Ich wollte unbedingt dieses Rad fahren, und weil ich die Pedale noch nicht erreichte, erbarmte sich mein Nachbar und nahm mich auf eine Spritztour mit. Ich klammerte mich an den älteren Jungen und kreischte vor Begeisterung, als wir bergab immer mehr Fahrt gewannen und mir der Wind ins Gesicht blies. Aber ein anderes Kind aus der Nachbarschaft fand es witzig, uns mit seinen kleinen Karren den Weg zu verstellen und uns plattzumachen. Das klappte prima, und schon lagen wir auf der Nase. Keiner weiß wie, aber ich schaffte es dabei, mit meiner Zehe zwischen den Zahnkranz und die Kette zu geraten. Das Rad lag auf der Seite, und ich hing mit einem winzigen Hautstückchen daran, das kaum noch mit meiner Zehenspitze verbunden war.

„Was machen wir denn jetzt bloß?“, jammerte der panische Fahrradbesitzer.

„Am besten ziehen wir ihn raus“, schlug der boshafte kleine Mistkerl vor, der den Unfall verschuldet hatte. Auf eins, zwei, drei packten mich die beiden anderen Jungs und zogen. Ich stieß einen durchdringen Schrei aus, und meine Zehenspitze war befreit – vom Fahrrad und auch von mir.

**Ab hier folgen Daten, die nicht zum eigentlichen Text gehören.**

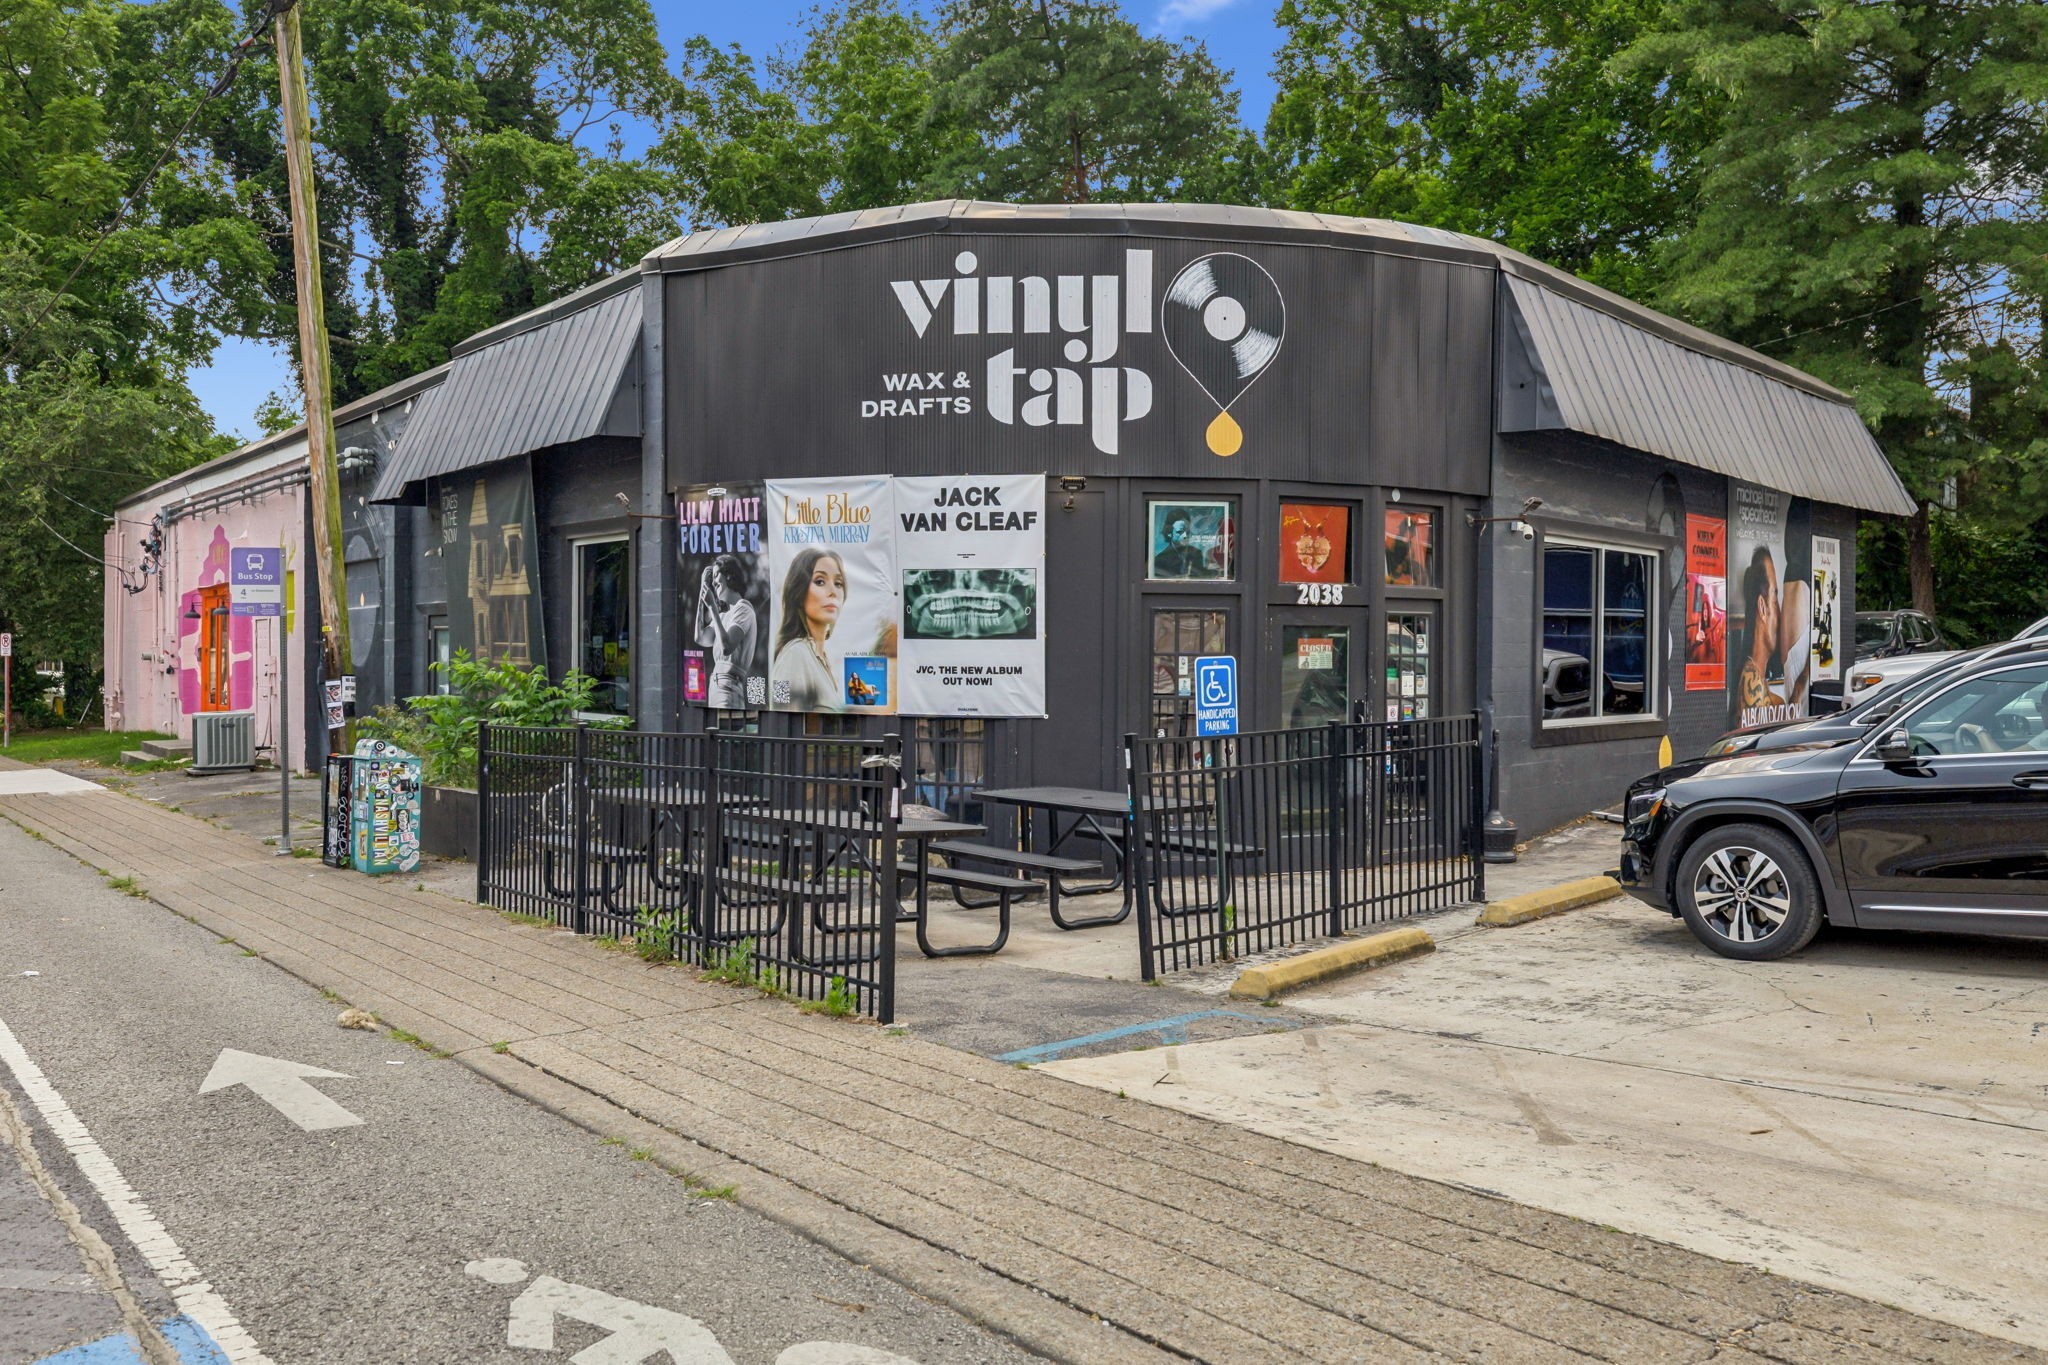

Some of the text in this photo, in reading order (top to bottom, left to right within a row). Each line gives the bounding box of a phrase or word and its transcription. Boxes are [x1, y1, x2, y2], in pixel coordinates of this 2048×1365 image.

[890, 248, 1152, 364] vinyl
[883, 371, 971, 392] WAX &
[861, 396, 971, 418] DRAFTS
[986, 348, 1153, 455] tap
[934, 487, 1001, 507] JACK
[680, 497, 760, 525] LILLY HIATT
[784, 492, 871, 525] Little Blue
[900, 511, 1037, 532] VAN CLEAF
[680, 523, 761, 554] FOREVER
[828, 525, 871, 544] MURRAY
[254, 572, 274, 581] Stop
[240, 588, 247, 596] 4
[1296, 583, 1343, 605] 2038
[1300, 643, 1331, 653] CLOSED
[916, 666, 1022, 675] JVC, THE NEW ALBUM
[943, 677, 993, 685] OUT NOW!
[1198, 708, 1236, 721] HANDICAPPED
[1741, 706, 1768, 728] ALBUM
[1768, 704, 1784, 724] OUT
[1205, 720, 1230, 732] PARKING

„Sie bewegt sich!“, schrie der Missetäter und zeigte auf mein abgerissenes Zehenstück. Ich konnte es zwar nicht sehen, aber die anderen Jungs schworen, dass es hüpfte und sich wand wie der Schwanz, den ein Gecko abwirft, um einem Feind zu entkommen.

Während ich blutend am Boden lag, rannte mein Nachbar los, um Hilfe zu holen, und der Bengel, der mit seinem Karren den Unfall – und meine beträchtlichen Schmerzen – verursacht hatte, machte sich davon. Kurz darauf tauchte er mit einem Spaten in der Hand wieder auf. Mit seinen dünnen kleinen Armen hob er den Spaten über den Kopf und schmetterte ihn dann auf den Boden und auf meine abgerissene Zehe.

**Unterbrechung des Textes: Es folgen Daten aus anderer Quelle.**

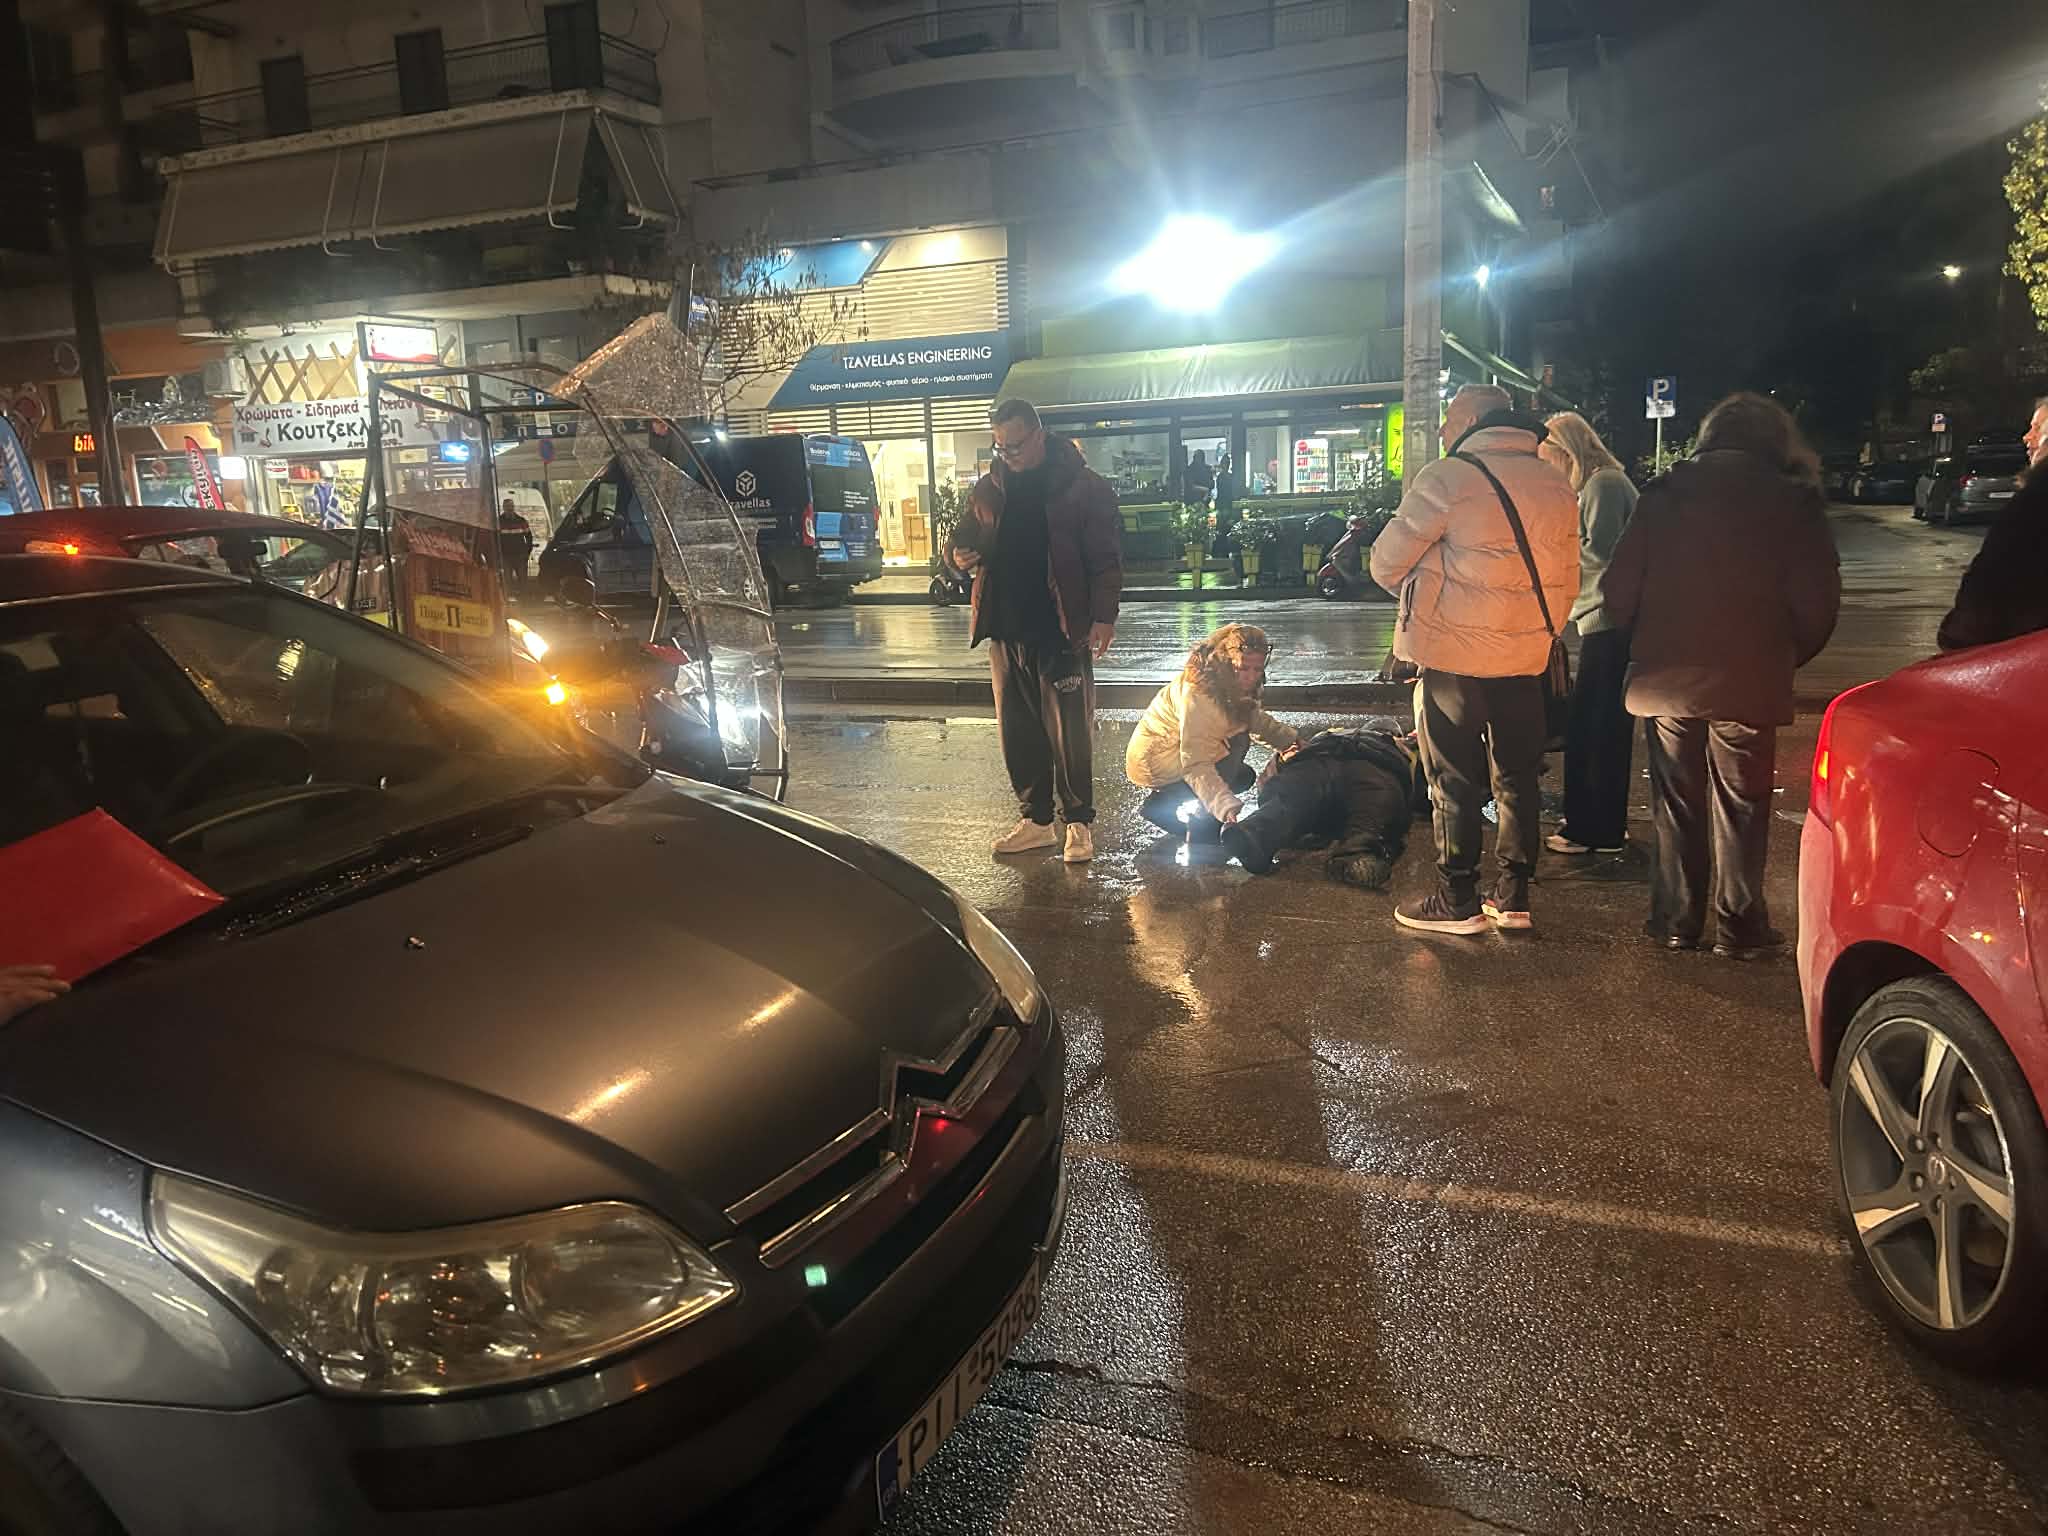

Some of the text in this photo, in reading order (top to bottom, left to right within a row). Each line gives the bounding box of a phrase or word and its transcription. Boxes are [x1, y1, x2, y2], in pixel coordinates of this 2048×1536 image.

[843, 346, 992, 369] TZAVELLAS ENGINEERING
[1653, 379, 1669, 400] P
[236, 407, 293, 424] Χρώματα
[305, 399, 359, 418] Σιδηρικά
[277, 414, 403, 444] Κουτζεκλδη

„Warum machst du das?“, jammerte ich.

„Das Ding macht mich wahnsinnig. Es ist lebendig, Mann!“ Erneut hob er den Spaten und schlug damit immer wieder auf den Boden, als würde er eine Schlange töten. Als er schließlich sicher war, dass er meine Zehe ins Jenseits befördert hatte, grub er ein Loch und versenkte das Beweisstück darin. Kurz darauf tauchte ein Mann von gegenüber auf und packte mich auf den Rücksitz seines brandneuen BMW. Es war ein lekker Auto, eine Edelkarosse, und ich blutete die feinen Lederbezüge voll.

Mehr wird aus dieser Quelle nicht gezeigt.